WHAT THE EXERCISE ASKS:
Leave out the pictures and repeat every record exactly.

[Text-to-region grounding data]
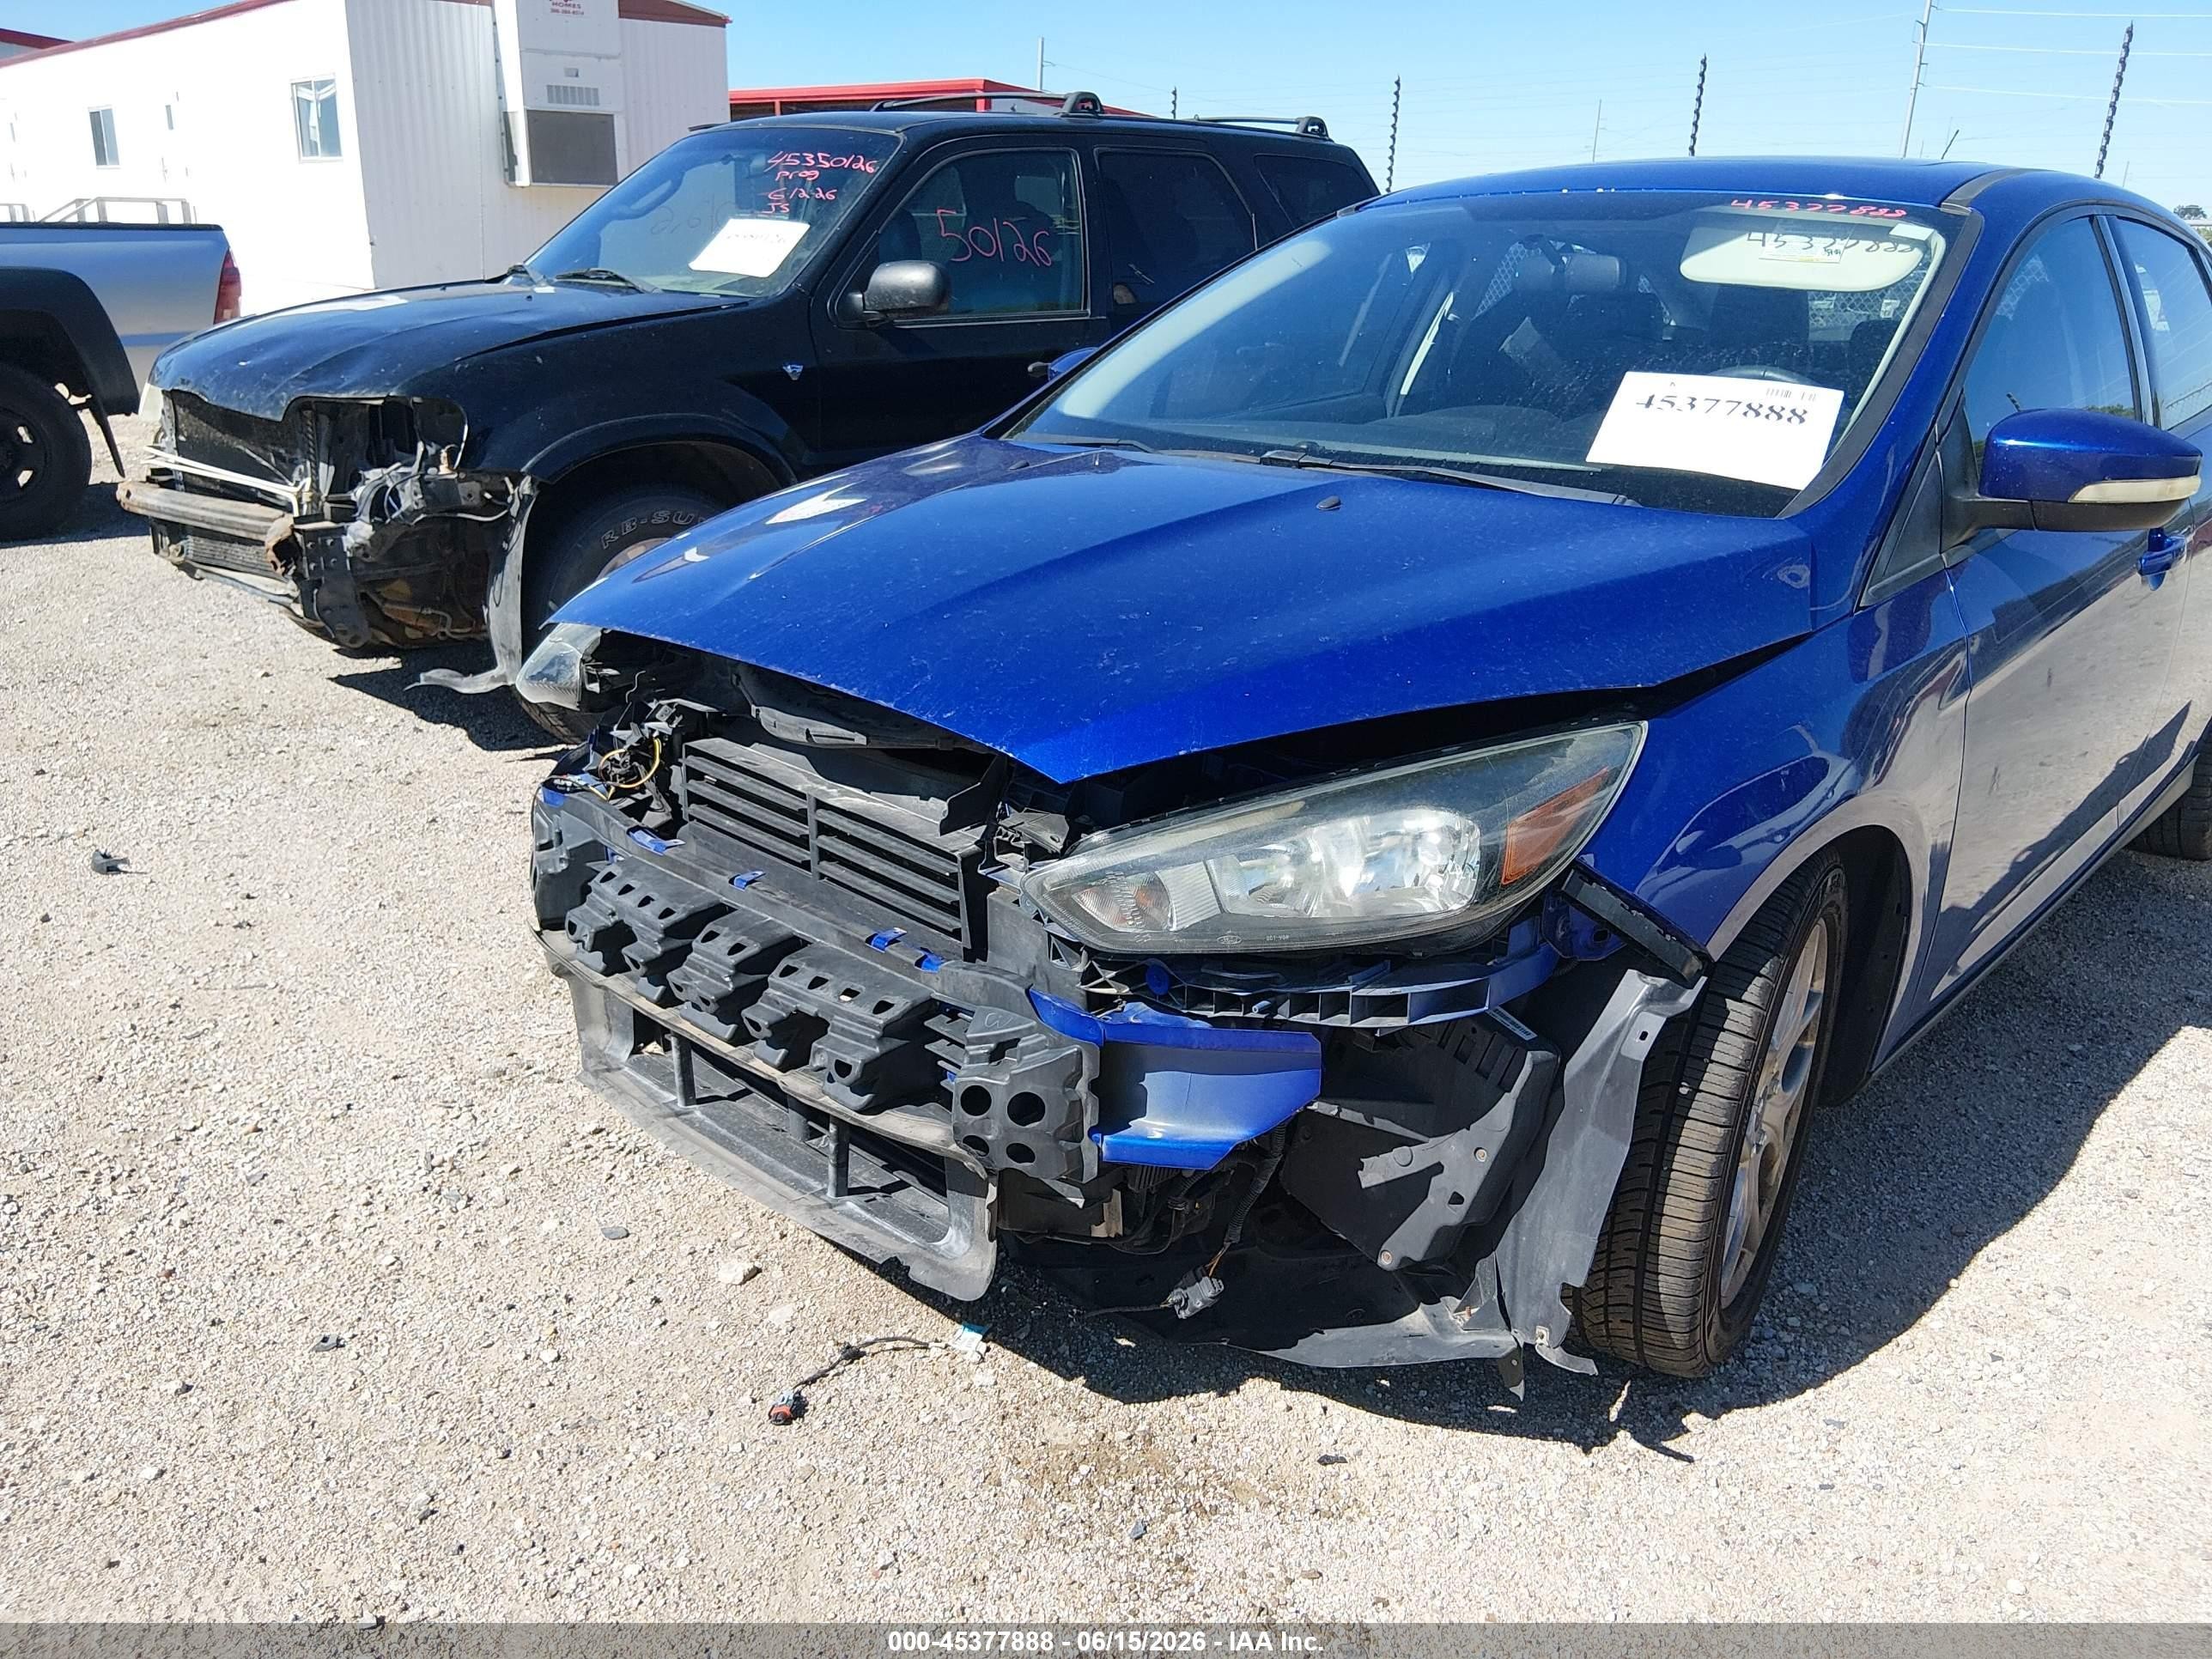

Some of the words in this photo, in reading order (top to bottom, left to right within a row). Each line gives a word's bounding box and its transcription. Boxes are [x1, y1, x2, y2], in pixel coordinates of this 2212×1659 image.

[763, 151, 879, 173] 45350126
[1731, 199, 1907, 217] 45377888
[937, 209, 1052, 266] 50126
[1636, 394, 1808, 424] 45377888
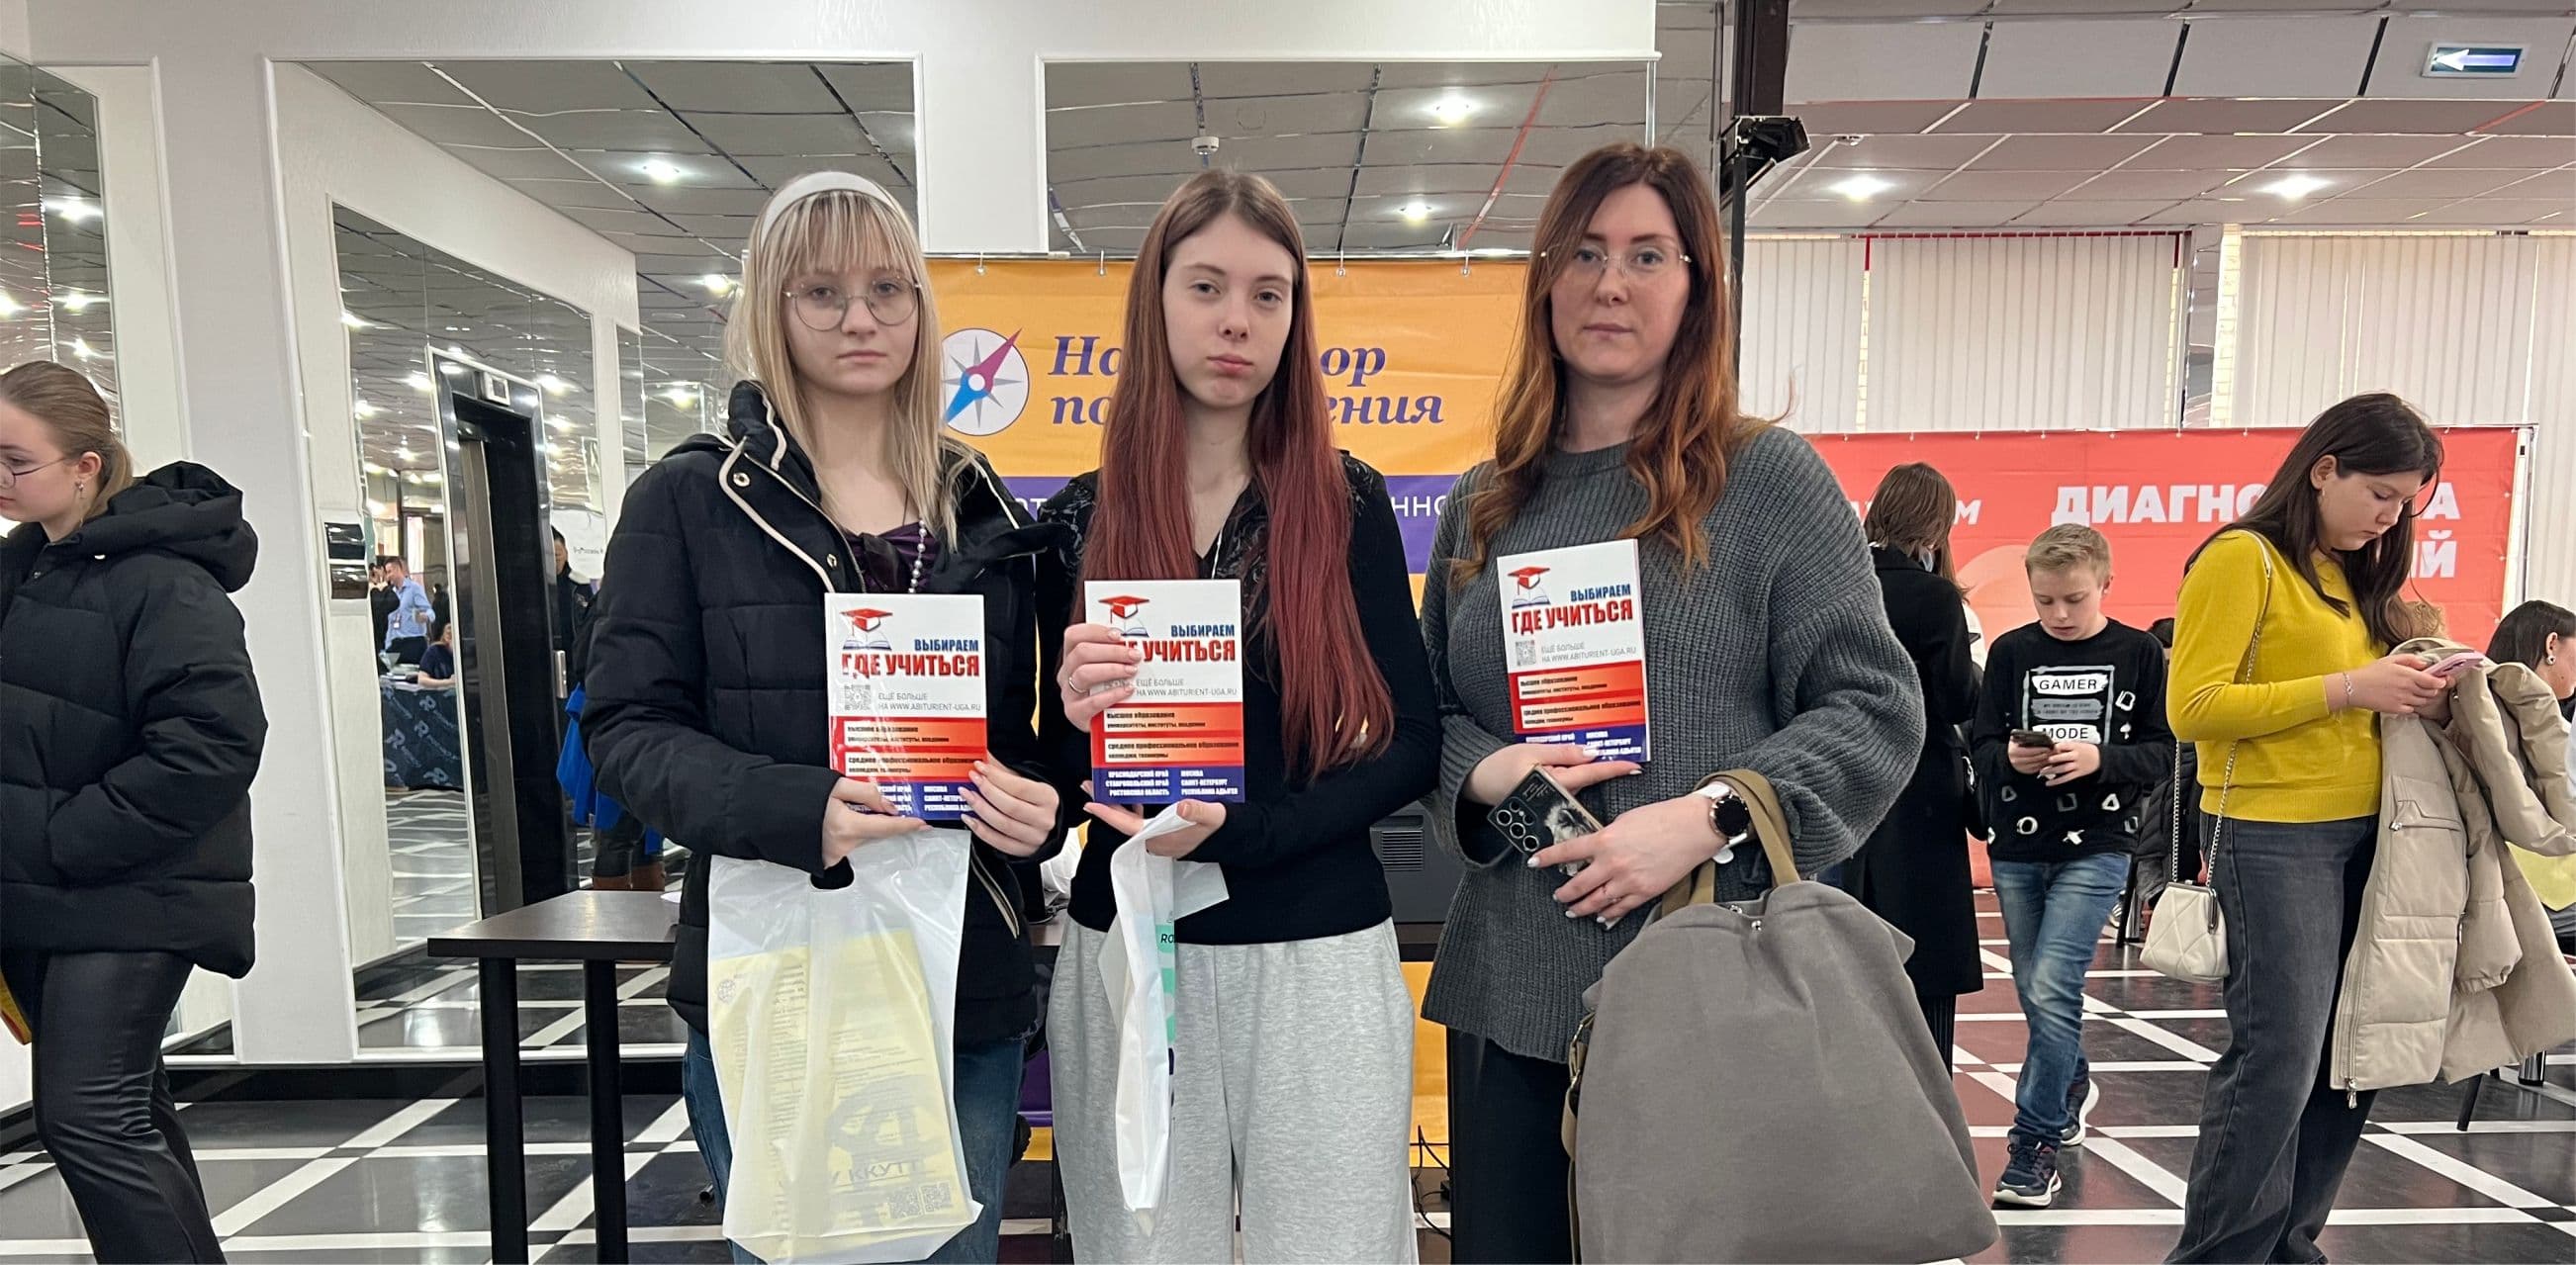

EXERCISE OUTPUT:
Some of the words in this photo, in reading order (top to bottom, left to right within a row). Each line gives a word's bounding box and its transcription. Boxes are [x1, y1, x2, y2], in pixel coordinates of this 2212×1659 image.

[763, 151, 879, 173] 45350126
[1731, 199, 1907, 217] 45377888
[937, 209, 1052, 266] 50126
[1636, 394, 1808, 424] 45377888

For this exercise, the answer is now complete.